Hello and thanks for posting.
Yes, the dual therapy regimen of lamivudine (3TC. Epivir) + the integrase inhibitor dolutegravir (DTG, Tivicay) has gotten quite a bit of recent attention since the presentation of the pilot PADDLE study. In this study, 20 treatment naive individuals began treatment with this two, rather than the conventional three drugs recommended for initial treatment.
The theoretical basis for the study is the observation that DTG is very potent, and HIV appears to have difficulty in developing resistance to the drug. A two drug regimen, especially one with the already generic, and very well tolerated 3TC should be less expensive than a three drug treatment. Moreover, the idea of avoiding both tenofovir (with incumbent risks of bone and kidney toxicity) and abacavir (with the need for genetic screening to avoid allergy, and possible risk of raising cardiovascular disease rates) is attractive.

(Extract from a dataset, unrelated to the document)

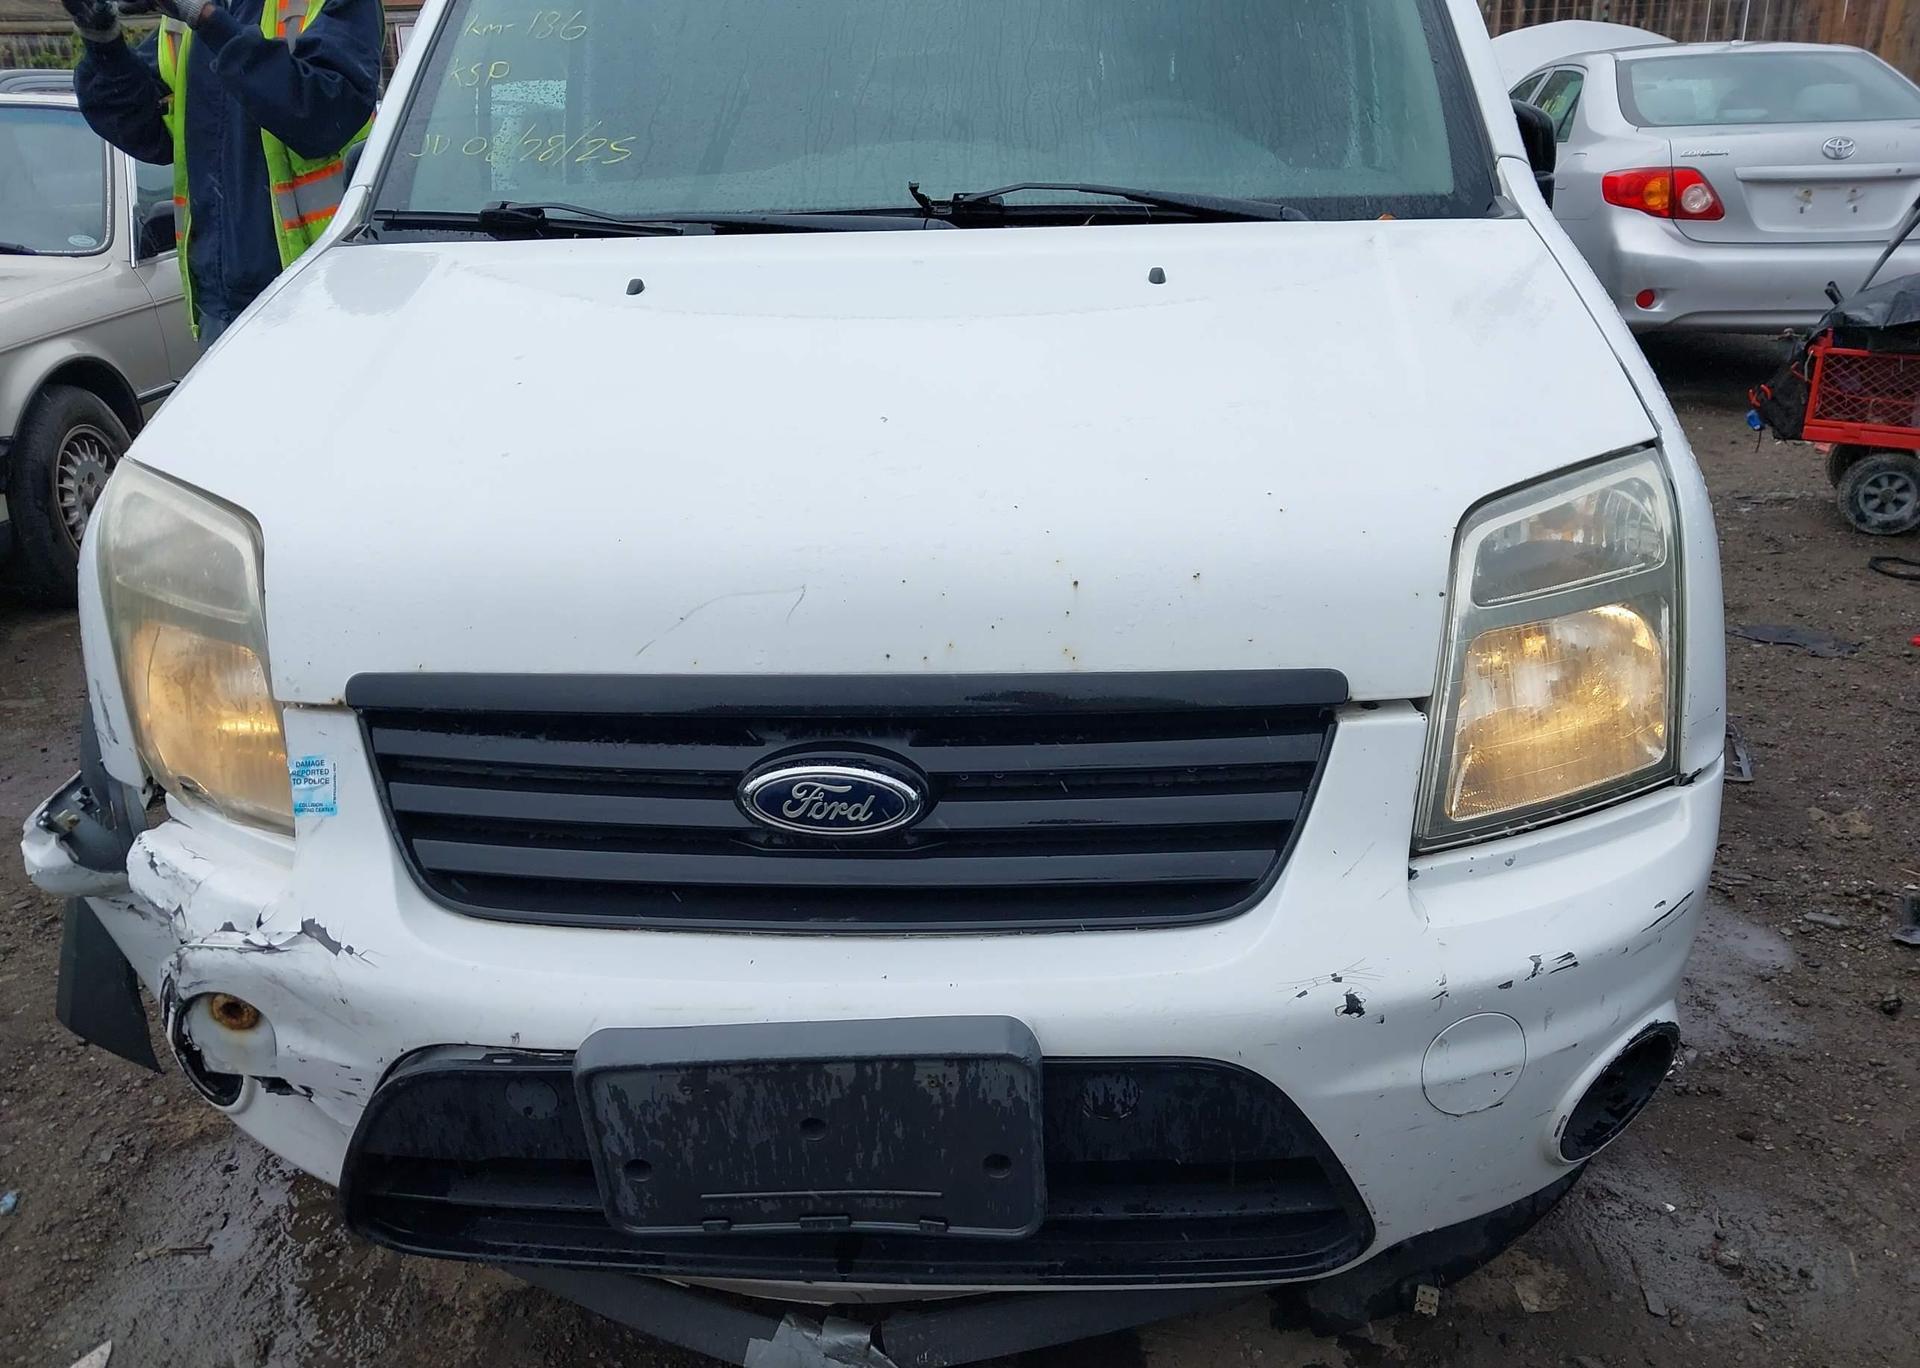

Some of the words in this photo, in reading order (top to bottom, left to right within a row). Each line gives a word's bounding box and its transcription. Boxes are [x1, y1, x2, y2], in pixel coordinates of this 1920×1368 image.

[295, 760, 325, 768] DAMAGE
[292, 778, 302, 786] TO
[303, 777, 330, 785] POLICE
[782, 781, 876, 822] Ford

The results of the small study were encouraging, with rapid viral load decline- indeed similar in rates to those seen in other three drug studies of DTG with 3TC and abacavir.
Two drug therapy has also shown promising results for maintenance therapy for patients already virologically suppressed in the phase 2 LATTE-2 study of injectable, long-acting ripivirine and the experimental integrase inhibitor cabotegravir. This regimen should be able to be dosed every month or every other month, avoiding the issues of daily pills and probably improving treatment adherence. A phase 3 (FDA registrational study) of this regimen is starting soon, and likewise, will take upwards of 2-3 years to see the final analysis (i.e, 2019-2020 timelines).
You ask when the treatment will reach patients. There is soon to be a fully powered (ie sized) study that compares this two to the usual three drug Triumeq (DTG containing) regimen. It will likely take upwards of 1.5 to 2 years to see the results of the study. But both 3TC and DTG are already FDA approved, so the issue isn't going to be FDA approval, per se, but rather when there is sufficient data to support using the regimen- and the endorsement of the smart men and women on US and international guideline committees. I do not recommend (in general) that patients or care providers venture too far of the very well proven ranch of the evidence-based treatment guidelines.